Spatial localization data:
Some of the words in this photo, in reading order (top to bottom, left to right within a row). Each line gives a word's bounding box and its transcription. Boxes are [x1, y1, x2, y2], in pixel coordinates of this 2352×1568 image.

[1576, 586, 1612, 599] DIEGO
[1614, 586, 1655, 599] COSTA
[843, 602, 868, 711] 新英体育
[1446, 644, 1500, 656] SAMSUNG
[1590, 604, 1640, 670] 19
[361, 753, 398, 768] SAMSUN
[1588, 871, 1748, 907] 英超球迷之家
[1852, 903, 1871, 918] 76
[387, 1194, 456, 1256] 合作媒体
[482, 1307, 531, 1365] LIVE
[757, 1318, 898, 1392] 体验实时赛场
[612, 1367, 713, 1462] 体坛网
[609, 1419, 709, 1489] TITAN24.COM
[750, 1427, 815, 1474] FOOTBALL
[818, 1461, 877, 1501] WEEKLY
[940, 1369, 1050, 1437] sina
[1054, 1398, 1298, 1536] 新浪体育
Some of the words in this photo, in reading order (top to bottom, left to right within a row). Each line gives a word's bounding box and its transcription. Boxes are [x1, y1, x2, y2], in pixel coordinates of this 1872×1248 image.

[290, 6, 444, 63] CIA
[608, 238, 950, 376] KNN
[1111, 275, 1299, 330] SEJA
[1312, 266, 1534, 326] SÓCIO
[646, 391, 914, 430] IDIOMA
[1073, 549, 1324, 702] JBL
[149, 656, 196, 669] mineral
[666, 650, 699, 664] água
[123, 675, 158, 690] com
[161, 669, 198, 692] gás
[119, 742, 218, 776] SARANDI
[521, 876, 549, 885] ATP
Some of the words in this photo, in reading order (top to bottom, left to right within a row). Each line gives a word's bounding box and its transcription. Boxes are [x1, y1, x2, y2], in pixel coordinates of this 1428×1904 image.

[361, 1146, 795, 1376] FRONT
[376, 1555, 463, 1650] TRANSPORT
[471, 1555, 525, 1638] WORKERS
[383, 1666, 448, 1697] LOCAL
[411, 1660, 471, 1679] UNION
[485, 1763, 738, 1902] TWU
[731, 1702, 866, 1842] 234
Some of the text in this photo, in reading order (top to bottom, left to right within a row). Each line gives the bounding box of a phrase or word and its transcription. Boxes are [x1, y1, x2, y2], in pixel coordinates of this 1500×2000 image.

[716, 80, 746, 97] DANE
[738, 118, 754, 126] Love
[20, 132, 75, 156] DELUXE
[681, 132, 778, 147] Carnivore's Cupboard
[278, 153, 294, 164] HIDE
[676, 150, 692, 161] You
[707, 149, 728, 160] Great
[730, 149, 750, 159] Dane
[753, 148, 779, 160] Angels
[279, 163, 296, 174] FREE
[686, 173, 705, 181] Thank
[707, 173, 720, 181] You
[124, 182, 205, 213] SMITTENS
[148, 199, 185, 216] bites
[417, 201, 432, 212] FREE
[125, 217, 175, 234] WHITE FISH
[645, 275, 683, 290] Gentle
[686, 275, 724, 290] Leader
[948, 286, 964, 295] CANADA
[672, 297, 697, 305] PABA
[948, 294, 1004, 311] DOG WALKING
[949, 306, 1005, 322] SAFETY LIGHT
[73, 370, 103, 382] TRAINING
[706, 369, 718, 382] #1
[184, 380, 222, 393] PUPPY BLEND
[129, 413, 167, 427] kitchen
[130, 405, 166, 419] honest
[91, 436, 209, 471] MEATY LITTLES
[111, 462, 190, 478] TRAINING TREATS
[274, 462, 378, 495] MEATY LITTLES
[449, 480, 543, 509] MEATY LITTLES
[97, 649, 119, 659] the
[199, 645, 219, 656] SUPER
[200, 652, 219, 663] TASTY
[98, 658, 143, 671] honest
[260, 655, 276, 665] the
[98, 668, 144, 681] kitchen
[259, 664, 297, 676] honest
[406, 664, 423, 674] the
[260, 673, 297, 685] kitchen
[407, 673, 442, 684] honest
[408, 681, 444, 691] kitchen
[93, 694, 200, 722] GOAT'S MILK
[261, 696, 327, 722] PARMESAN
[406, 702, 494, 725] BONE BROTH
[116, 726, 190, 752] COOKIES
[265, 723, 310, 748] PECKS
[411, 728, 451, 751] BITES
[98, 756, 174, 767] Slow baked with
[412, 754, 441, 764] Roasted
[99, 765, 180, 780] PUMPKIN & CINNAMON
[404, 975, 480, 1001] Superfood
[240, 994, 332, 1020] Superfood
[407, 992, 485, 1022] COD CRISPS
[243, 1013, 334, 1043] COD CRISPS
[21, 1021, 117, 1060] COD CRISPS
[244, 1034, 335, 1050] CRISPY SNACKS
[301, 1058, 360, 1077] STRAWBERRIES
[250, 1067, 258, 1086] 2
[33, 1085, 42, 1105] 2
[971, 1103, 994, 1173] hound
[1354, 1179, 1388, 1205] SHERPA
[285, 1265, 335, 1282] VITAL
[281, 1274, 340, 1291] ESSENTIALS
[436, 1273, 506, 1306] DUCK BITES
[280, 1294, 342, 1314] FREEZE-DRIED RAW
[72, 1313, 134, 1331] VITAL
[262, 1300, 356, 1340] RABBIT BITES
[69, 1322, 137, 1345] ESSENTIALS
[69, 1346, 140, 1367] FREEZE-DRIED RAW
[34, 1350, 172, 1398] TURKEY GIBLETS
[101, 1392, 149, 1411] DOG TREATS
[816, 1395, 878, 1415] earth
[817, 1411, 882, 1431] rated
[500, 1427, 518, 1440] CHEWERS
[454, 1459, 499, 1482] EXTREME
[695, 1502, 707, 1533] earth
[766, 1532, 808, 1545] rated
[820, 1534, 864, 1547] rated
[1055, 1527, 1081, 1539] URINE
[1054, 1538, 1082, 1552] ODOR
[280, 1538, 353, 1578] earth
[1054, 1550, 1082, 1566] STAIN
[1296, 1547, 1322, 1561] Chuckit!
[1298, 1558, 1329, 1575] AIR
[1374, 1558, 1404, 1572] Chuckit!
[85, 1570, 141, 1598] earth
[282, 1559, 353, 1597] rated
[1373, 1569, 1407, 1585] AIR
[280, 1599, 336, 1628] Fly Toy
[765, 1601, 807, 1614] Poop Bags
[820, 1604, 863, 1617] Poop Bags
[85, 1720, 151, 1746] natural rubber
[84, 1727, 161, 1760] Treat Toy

* Action item
Set down each entry from above once more, exactly as written.

* Completed exercise
Some of the words in this photo, in reading order (top to bottom, left to right within a row). Each line gives a word's bounding box and its transcription. Boxes are [x1, y1, x2, y2], in pixel coordinates of this 2352×1568 image.

[1576, 586, 1612, 599] DIEGO
[1614, 586, 1655, 599] COSTA
[843, 602, 868, 711] 新英体育
[1446, 644, 1500, 656] SAMSUNG
[1590, 604, 1640, 670] 19
[361, 753, 398, 768] SAMSUN
[1588, 871, 1748, 907] 英超球迷之家
[1852, 903, 1871, 918] 76
[387, 1194, 456, 1256] 合作媒体
[482, 1307, 531, 1365] LIVE
[757, 1318, 898, 1392] 体验实时赛场
[612, 1367, 713, 1462] 体坛网
[609, 1419, 709, 1489] TITAN24.COM
[750, 1427, 815, 1474] FOOTBALL
[818, 1461, 877, 1501] WEEKLY
[940, 1369, 1050, 1437] sina
[1054, 1398, 1298, 1536] 新浪体育
Some of the words in this photo, in reading order (top to bottom, left to right within a row). Each line gives a word's bounding box and its transcription. Boxes are [x1, y1, x2, y2], in pixel coordinates of this 1872×1248 image.

[290, 6, 444, 63] CIA
[608, 238, 950, 376] KNN
[1111, 275, 1299, 330] SEJA
[1312, 266, 1534, 326] SÓCIO
[646, 391, 914, 430] IDIOMA
[1073, 549, 1324, 702] JBL
[149, 656, 196, 669] mineral
[666, 650, 699, 664] água
[123, 675, 158, 690] com
[161, 669, 198, 692] gás
[119, 742, 218, 776] SARANDI
[521, 876, 549, 885] ATP
Some of the words in this photo, in reading order (top to bottom, left to right within a row). Each line gives a word's bounding box and its transcription. Boxes are [x1, y1, x2, y2], in pixel coordinates of this 1428×1904 image.

[361, 1146, 795, 1376] FRONT
[376, 1555, 463, 1650] TRANSPORT
[471, 1555, 525, 1638] WORKERS
[383, 1666, 448, 1697] LOCAL
[411, 1660, 471, 1679] UNION
[485, 1763, 738, 1902] TWU
[731, 1702, 866, 1842] 234
Some of the text in this photo, in reading order (top to bottom, left to right within a row). Each line gives the bounding box of a phrase or word and its transcription. Boxes are [x1, y1, x2, y2], in pixel coordinates of this 1500×2000 image.

[716, 80, 746, 97] DANE
[738, 118, 754, 126] Love
[20, 132, 75, 156] DELUXE
[681, 132, 778, 147] Carnivore's Cupboard
[278, 153, 294, 164] HIDE
[676, 150, 692, 161] You
[707, 149, 728, 160] Great
[730, 149, 750, 159] Dane
[753, 148, 779, 160] Angels
[279, 163, 296, 174] FREE
[686, 173, 705, 181] Thank
[707, 173, 720, 181] You
[124, 182, 205, 213] SMITTENS
[148, 199, 185, 216] bites
[417, 201, 432, 212] FREE
[125, 217, 175, 234] WHITE FISH
[645, 275, 683, 290] Gentle
[686, 275, 724, 290] Leader
[948, 286, 964, 295] CANADA
[672, 297, 697, 305] PABA
[948, 294, 1004, 311] DOG WALKING
[949, 306, 1005, 322] SAFETY LIGHT
[73, 370, 103, 382] TRAINING
[706, 369, 718, 382] #1
[184, 380, 222, 393] PUPPY BLEND
[129, 413, 167, 427] kitchen
[130, 405, 166, 419] honest
[91, 436, 209, 471] MEATY LITTLES
[111, 462, 190, 478] TRAINING TREATS
[274, 462, 378, 495] MEATY LITTLES
[449, 480, 543, 509] MEATY LITTLES
[97, 649, 119, 659] the
[199, 645, 219, 656] SUPER
[200, 652, 219, 663] TASTY
[98, 658, 143, 671] honest
[260, 655, 276, 665] the
[98, 668, 144, 681] kitchen
[259, 664, 297, 676] honest
[406, 664, 423, 674] the
[260, 673, 297, 685] kitchen
[407, 673, 442, 684] honest
[408, 681, 444, 691] kitchen
[93, 694, 200, 722] GOAT'S MILK
[261, 696, 327, 722] PARMESAN
[406, 702, 494, 725] BONE BROTH
[116, 726, 190, 752] COOKIES
[265, 723, 310, 748] PECKS
[411, 728, 451, 751] BITES
[98, 756, 174, 767] Slow baked with
[412, 754, 441, 764] Roasted
[99, 765, 180, 780] PUMPKIN & CINNAMON
[404, 975, 480, 1001] Superfood
[240, 994, 332, 1020] Superfood
[407, 992, 485, 1022] COD CRISPS
[243, 1013, 334, 1043] COD CRISPS
[21, 1021, 117, 1060] COD CRISPS
[244, 1034, 335, 1050] CRISPY SNACKS
[301, 1058, 360, 1077] STRAWBERRIES
[250, 1067, 258, 1086] 2
[33, 1085, 42, 1105] 2
[971, 1103, 994, 1173] hound
[1354, 1179, 1388, 1205] SHERPA
[285, 1265, 335, 1282] VITAL
[281, 1274, 340, 1291] ESSENTIALS
[436, 1273, 506, 1306] DUCK BITES
[280, 1294, 342, 1314] FREEZE-DRIED RAW
[72, 1313, 134, 1331] VITAL
[262, 1300, 356, 1340] RABBIT BITES
[69, 1322, 137, 1345] ESSENTIALS
[69, 1346, 140, 1367] FREEZE-DRIED RAW
[34, 1350, 172, 1398] TURKEY GIBLETS
[101, 1392, 149, 1411] DOG TREATS
[816, 1395, 878, 1415] earth
[817, 1411, 882, 1431] rated
[500, 1427, 518, 1440] CHEWERS
[454, 1459, 499, 1482] EXTREME
[695, 1502, 707, 1533] earth
[766, 1532, 808, 1545] rated
[820, 1534, 864, 1547] rated
[1055, 1527, 1081, 1539] URINE
[1054, 1538, 1082, 1552] ODOR
[280, 1538, 353, 1578] earth
[1054, 1550, 1082, 1566] STAIN
[1296, 1547, 1322, 1561] Chuckit!
[1298, 1558, 1329, 1575] AIR
[1374, 1558, 1404, 1572] Chuckit!
[85, 1570, 141, 1598] earth
[282, 1559, 353, 1597] rated
[1373, 1569, 1407, 1585] AIR
[280, 1599, 336, 1628] Fly Toy
[765, 1601, 807, 1614] Poop Bags
[820, 1604, 863, 1617] Poop Bags
[85, 1720, 151, 1746] natural rubber
[84, 1727, 161, 1760] Treat Toy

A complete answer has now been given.